JP2006320816A - Treatment material of organohalogen compound - Google Patents

Abstract

<P>PROBLEM TO BE SOLVED: To provide a treatment material of an organohalogen compound capable of efficiently decomposing the organohalogen compound in spite of any kind. <P>SOLUTION: The treatment material of the organohalogen compound is constituted of a powder mixture prepared by mixing an iron powder with an Ni-containing powder and the Ni-containing powder has a mean particle size of 0.8 μm or below. The treatment material of the organohalogen compound is useful for the aromatic organohalogen compound such as chlorobenzenes, chlorophenols, dioxins, polychlorobiphenyls, etc. <P>COPYRIGHT: (C)2007,JPO&INPIT

Description

  The present invention relates to an organic halogen compound treatment material useful for purifying substances contaminated with organic halogen compounds (especially soil, groundwater, etc.).

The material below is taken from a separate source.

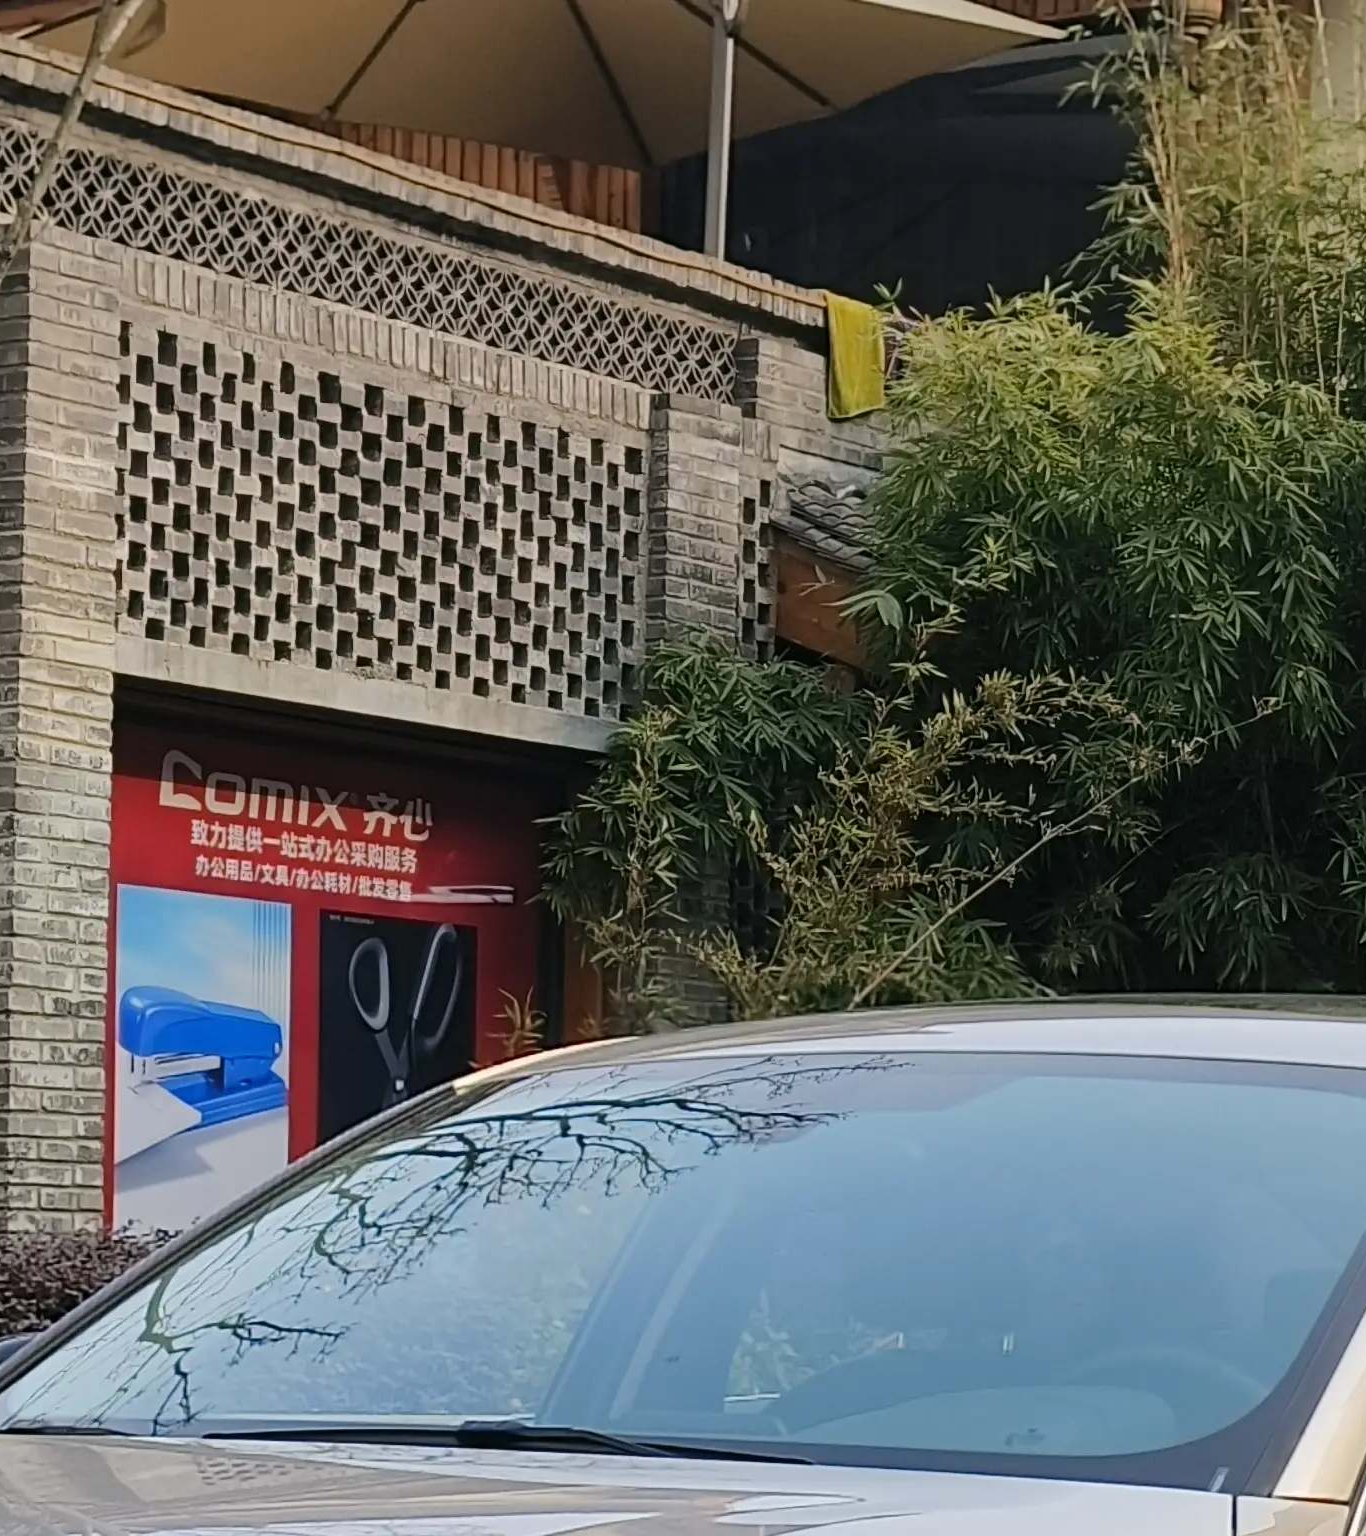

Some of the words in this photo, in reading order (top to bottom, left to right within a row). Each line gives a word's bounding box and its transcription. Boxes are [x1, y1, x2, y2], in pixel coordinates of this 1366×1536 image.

[363, 791, 433, 842] 齐心
[190, 818, 418, 874] 致力提供一站式办公采购服务

  Volatile organic chlorine compounds such as trichlorethylene are widely used as degreasing cleaners in semiconductor factories and metal processing factories and as cleaning agents for dry cleaning. However, these organochlorine compounds have been discharged and dumped from the past. Since organochlorine compounds are not easily decomposed in nature, they are gradually accumulated in soil and groundwater, and contaminate soil and groundwater, which is a social problem.

  Treatment methods for detoxifying pollutants in soil and groundwater include pyrolysis, which excavates and removes contaminated soil and burns and removes it using a rotary kiln, etc. A suction method, a pumped-water aeration method that draws and removes groundwater, and a microbial method that utilizes the microbial contaminant resolution are known.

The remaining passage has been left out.